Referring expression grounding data
BEGIN

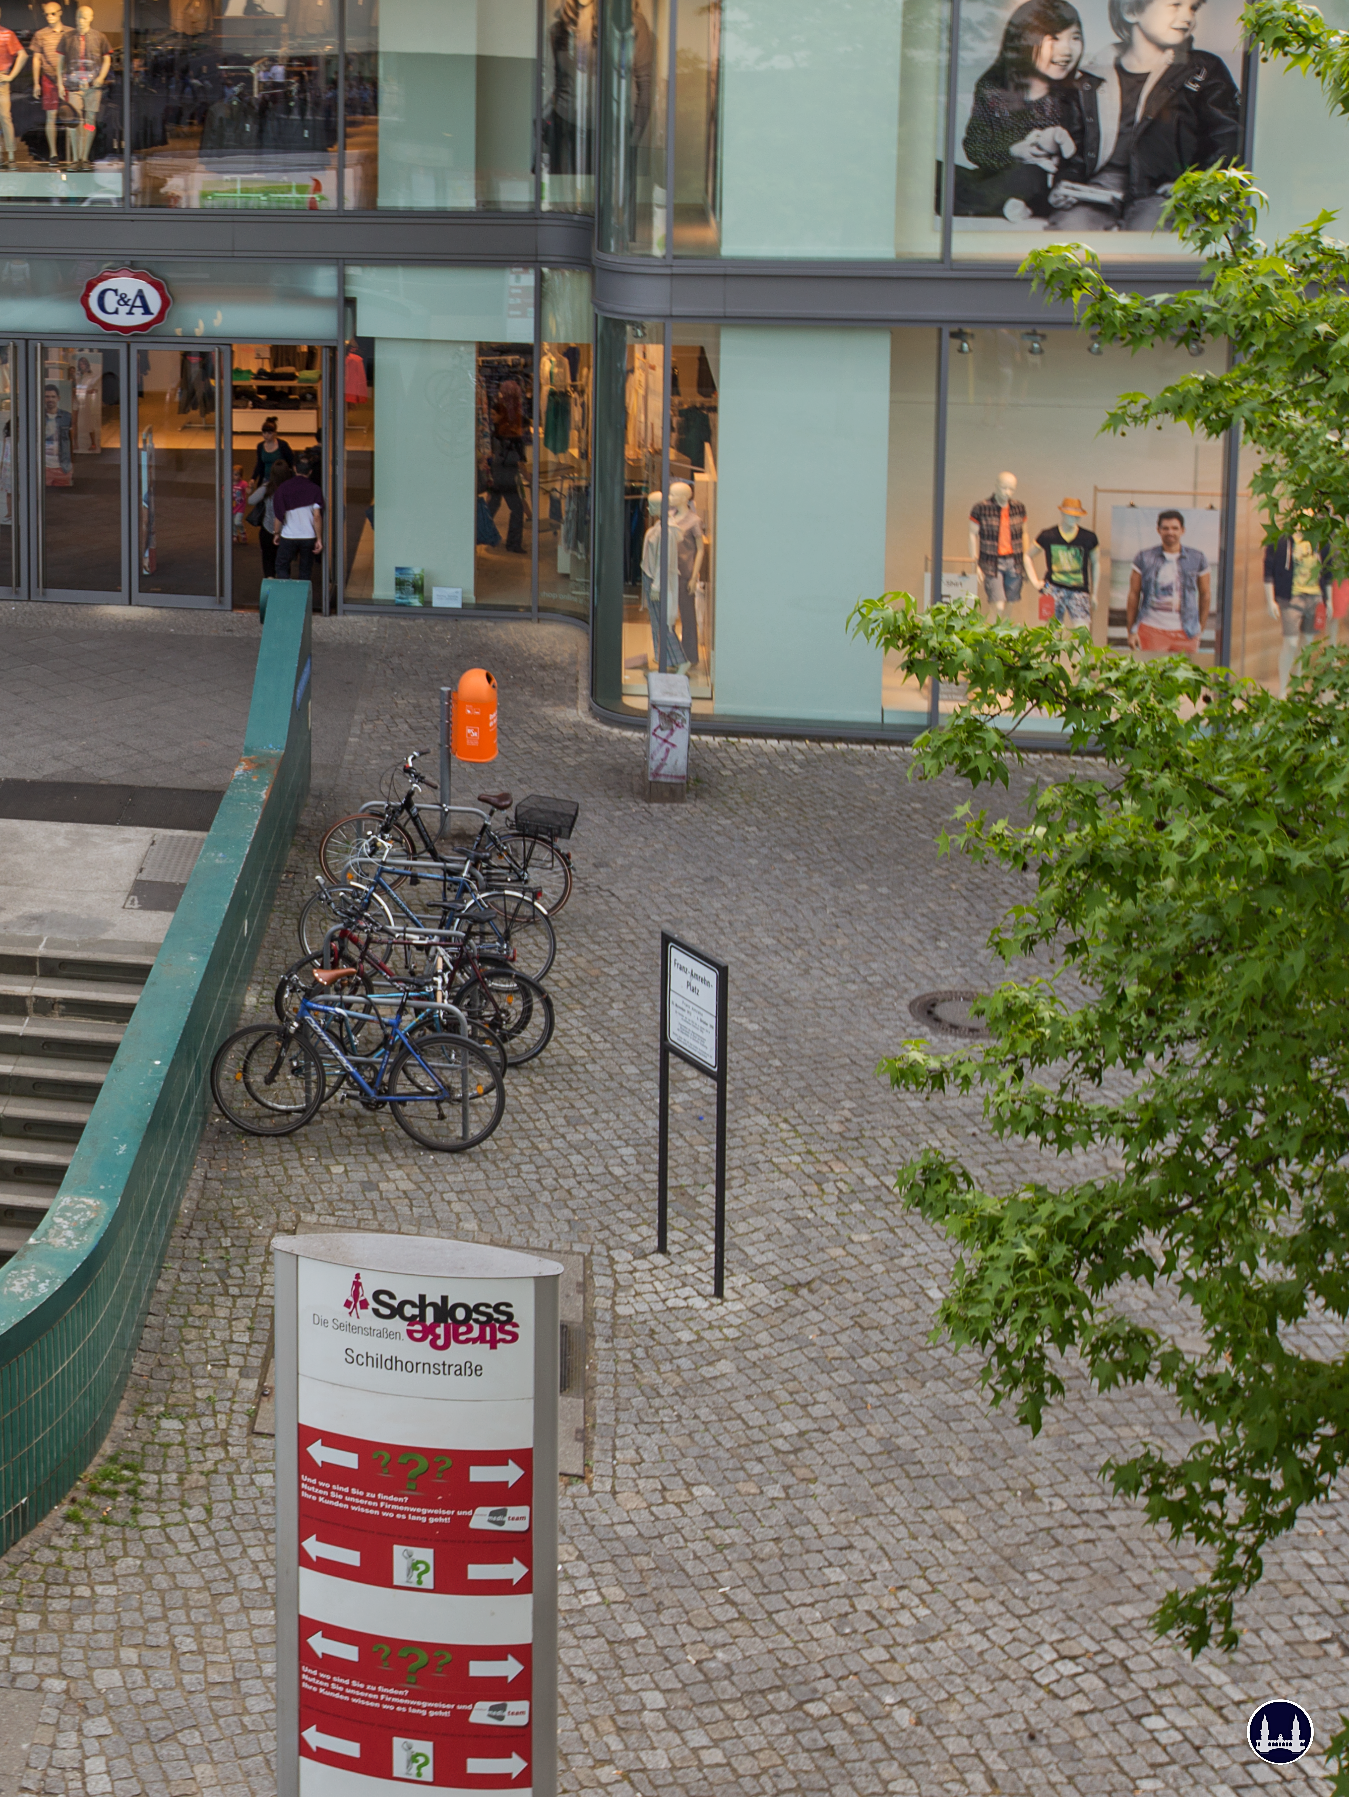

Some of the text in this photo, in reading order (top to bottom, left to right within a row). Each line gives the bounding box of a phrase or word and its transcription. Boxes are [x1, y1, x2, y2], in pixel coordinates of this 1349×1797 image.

[97, 287, 155, 316] C&A
[673, 958, 713, 988] Franz-Amrehn-
[686, 980, 700, 997] Platz
[371, 1289, 515, 1326] Schloss
[312, 1313, 404, 1341] Die Seitenstraßen.
[344, 1347, 484, 1378] Schildhornstraße
[301, 1474, 317, 1485] Und
[318, 1480, 330, 1489] wo
[332, 1484, 349, 1493] sind
[351, 1488, 364, 1497] Sie
[377, 1493, 409, 1503] finden?
[301, 1482, 329, 1496] Nutzen
[330, 1490, 343, 1500] Sie
[345, 1495, 378, 1507] unseren
[379, 1502, 455, 1516] Firmenwegweiser
[301, 1490, 317, 1502] Ihre
[318, 1496, 349, 1509] Kunden
[350, 1504, 380, 1516] wissen
[381, 1510, 394, 1518] wo
[408, 1514, 427, 1523] lang
[507, 1514, 527, 1522] team
[301, 1665, 318, 1676] Und
[319, 1672, 331, 1680] wo
[332, 1676, 350, 1685] sind
[351, 1680, 365, 1689] Sie
[377, 1685, 409, 1696] finden?
[301, 1673, 329, 1688] Nutzen
[330, 1682, 344, 1692] Sie
[345, 1687, 379, 1699] unseren
[380, 1694, 455, 1709] Firmenwegweiser
[301, 1681, 318, 1693] Ihre
[319, 1687, 350, 1701] Kunden
[351, 1697, 380, 1708] wissen
[382, 1703, 395, 1711] wo
[396, 1705, 407, 1713] es
[408, 1707, 427, 1716] lang
[506, 1709, 527, 1717] team
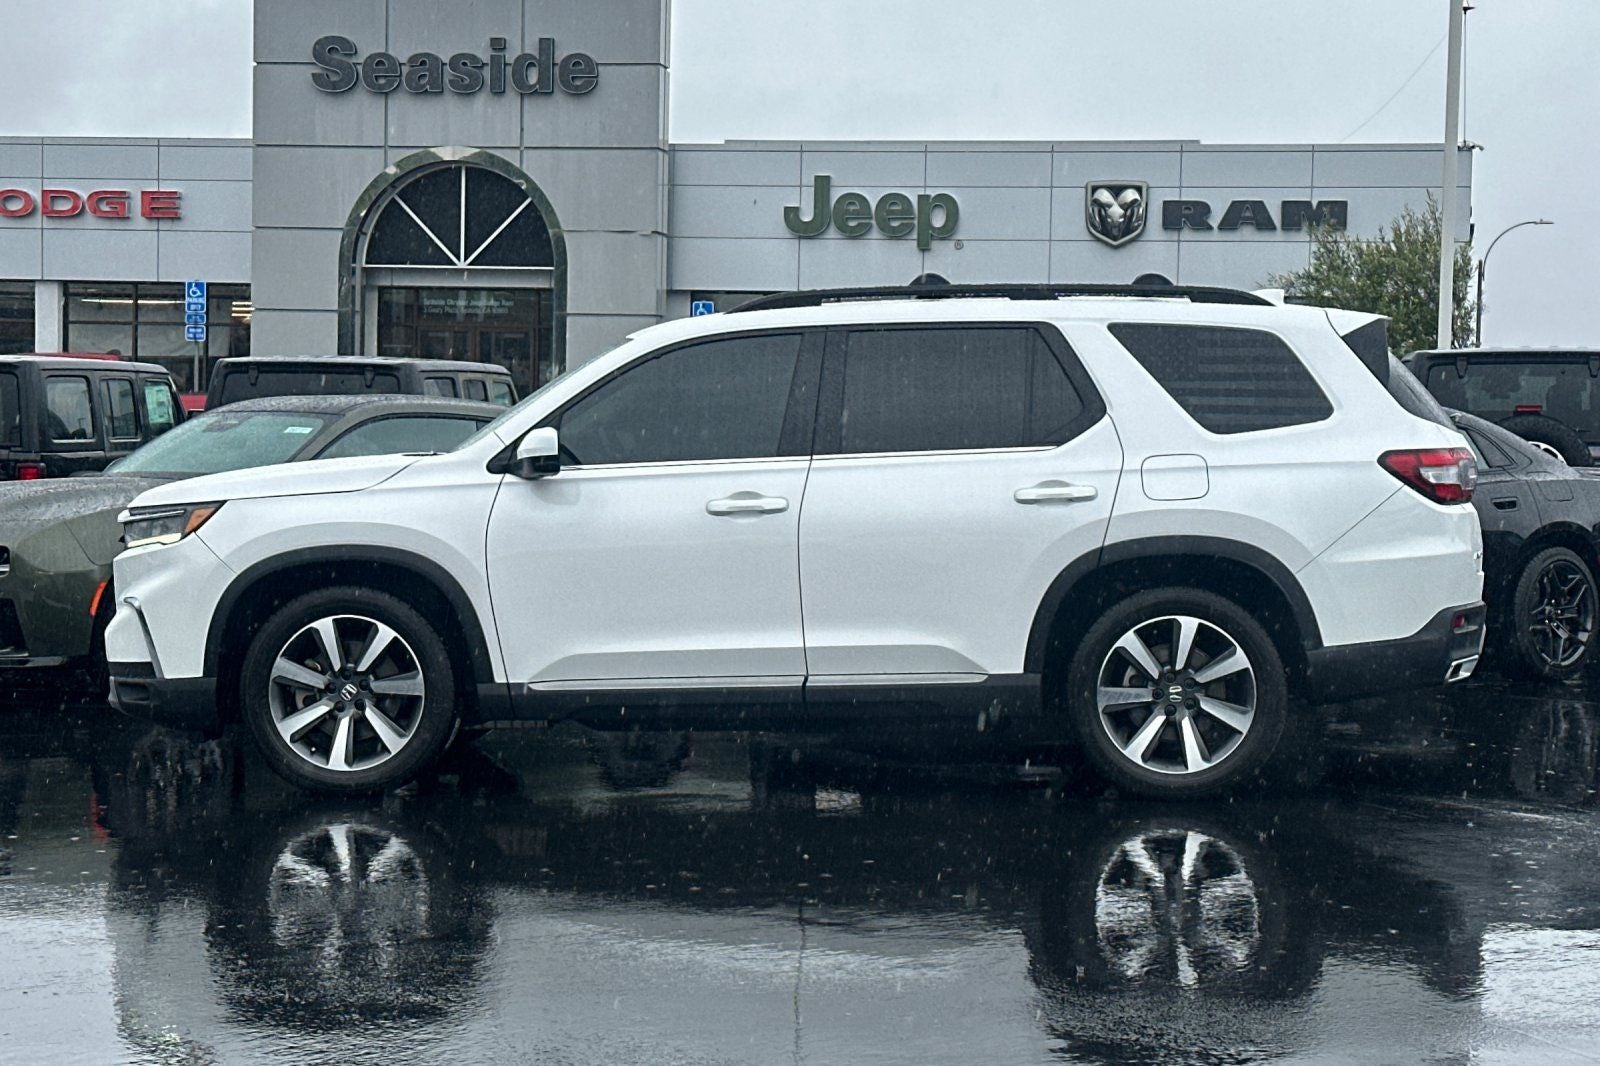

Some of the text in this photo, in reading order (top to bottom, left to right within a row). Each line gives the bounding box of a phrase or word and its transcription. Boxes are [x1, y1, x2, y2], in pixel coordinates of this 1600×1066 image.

END

▶ _REQUIREMENT_: Each entry above should be given again exactly, with its pictures omitted.

▶ _TASK OUTPUT_:
Some of the text in this photo, in reading order (top to bottom, left to right within a row). Each line gives the bounding box of a phrase or word and its transcription. Boxes are [x1, y1, x2, y2], in pixel coordinates of this 1349×1797 image.

[97, 287, 155, 316] C&A
[673, 958, 713, 988] Franz-Amrehn-
[686, 980, 700, 997] Platz
[371, 1289, 515, 1326] Schloss
[312, 1313, 404, 1341] Die Seitenstraßen.
[344, 1347, 484, 1378] Schildhornstraße
[301, 1474, 317, 1485] Und
[318, 1480, 330, 1489] wo
[332, 1484, 349, 1493] sind
[351, 1488, 364, 1497] Sie
[377, 1493, 409, 1503] finden?
[301, 1482, 329, 1496] Nutzen
[330, 1490, 343, 1500] Sie
[345, 1495, 378, 1507] unseren
[379, 1502, 455, 1516] Firmenwegweiser
[301, 1490, 317, 1502] Ihre
[318, 1496, 349, 1509] Kunden
[350, 1504, 380, 1516] wissen
[381, 1510, 394, 1518] wo
[408, 1514, 427, 1523] lang
[507, 1514, 527, 1522] team
[301, 1665, 318, 1676] Und
[319, 1672, 331, 1680] wo
[332, 1676, 350, 1685] sind
[351, 1680, 365, 1689] Sie
[377, 1685, 409, 1696] finden?
[301, 1673, 329, 1688] Nutzen
[330, 1682, 344, 1692] Sie
[345, 1687, 379, 1699] unseren
[380, 1694, 455, 1709] Firmenwegweiser
[301, 1681, 318, 1693] Ihre
[319, 1687, 350, 1701] Kunden
[351, 1697, 380, 1708] wissen
[382, 1703, 395, 1711] wo
[396, 1705, 407, 1713] es
[408, 1707, 427, 1716] lang
[506, 1709, 527, 1717] team

Some of the text in this photo, in reading order (top to bottom, left to right within a row). Each line gives the bounding box of a phrase or word and its transcription. Boxes are [x1, y1, x2, y2], in pixel coordinates of this 1600×1066 image.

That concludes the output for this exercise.